YOUR INSTRUCTIONS:
Keep the pictures out. Restate the entries below word for word.

--- RECORDS TO USE Enclosed Below ---

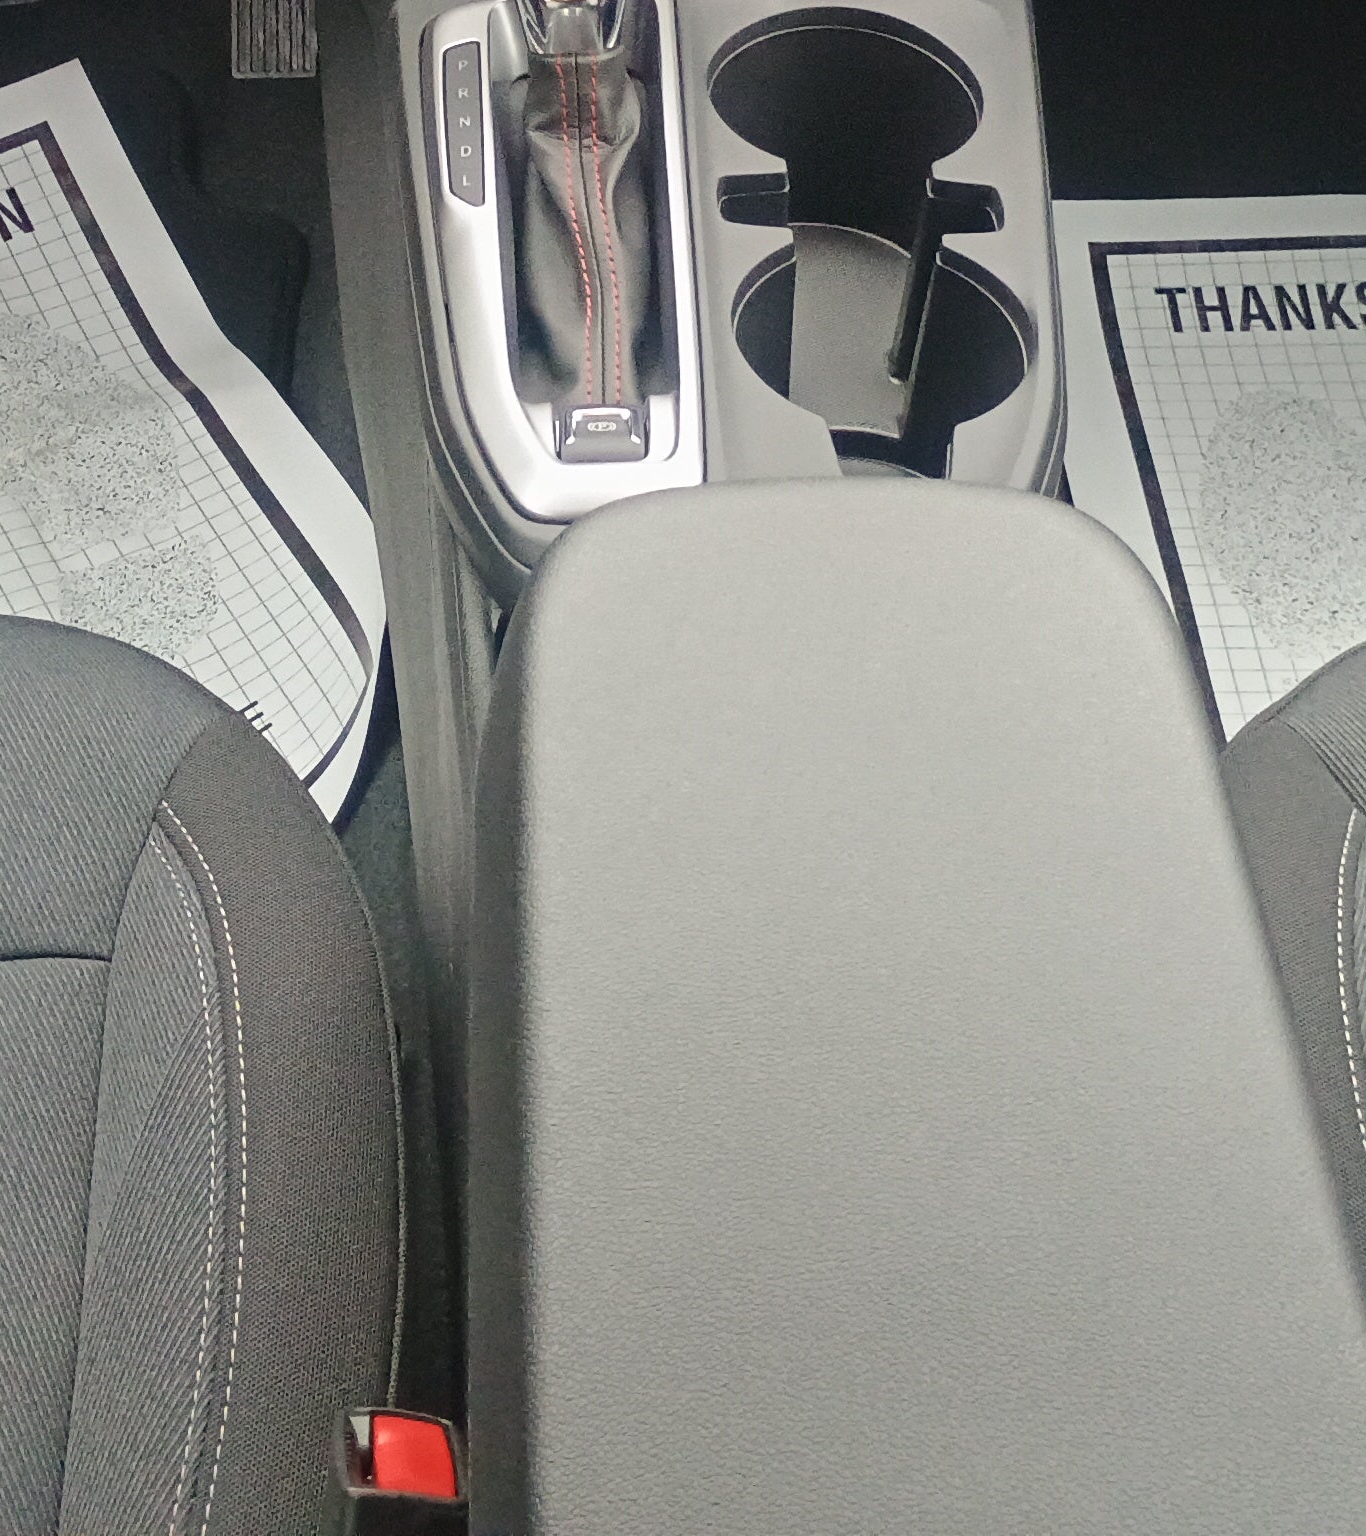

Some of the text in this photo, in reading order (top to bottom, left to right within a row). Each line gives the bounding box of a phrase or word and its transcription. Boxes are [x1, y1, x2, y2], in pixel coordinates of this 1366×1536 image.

[458, 60, 468, 71] P
[458, 88, 469, 99] R
[459, 116, 471, 128] N
[460, 146, 472, 158] D
[462, 174, 471, 187] L

--- End of Enclosed RECORDS TO USE ---

EXERCISE SOLUTION:
Some of the text in this photo, in reading order (top to bottom, left to right within a row). Each line gives the bounding box of a phrase or word and its transcription. Boxes are [x1, y1, x2, y2], in pixel coordinates of this 1366×1536 image.

[458, 60, 468, 71] P
[458, 88, 469, 99] R
[459, 116, 471, 128] N
[460, 146, 472, 158] D
[462, 174, 471, 187] L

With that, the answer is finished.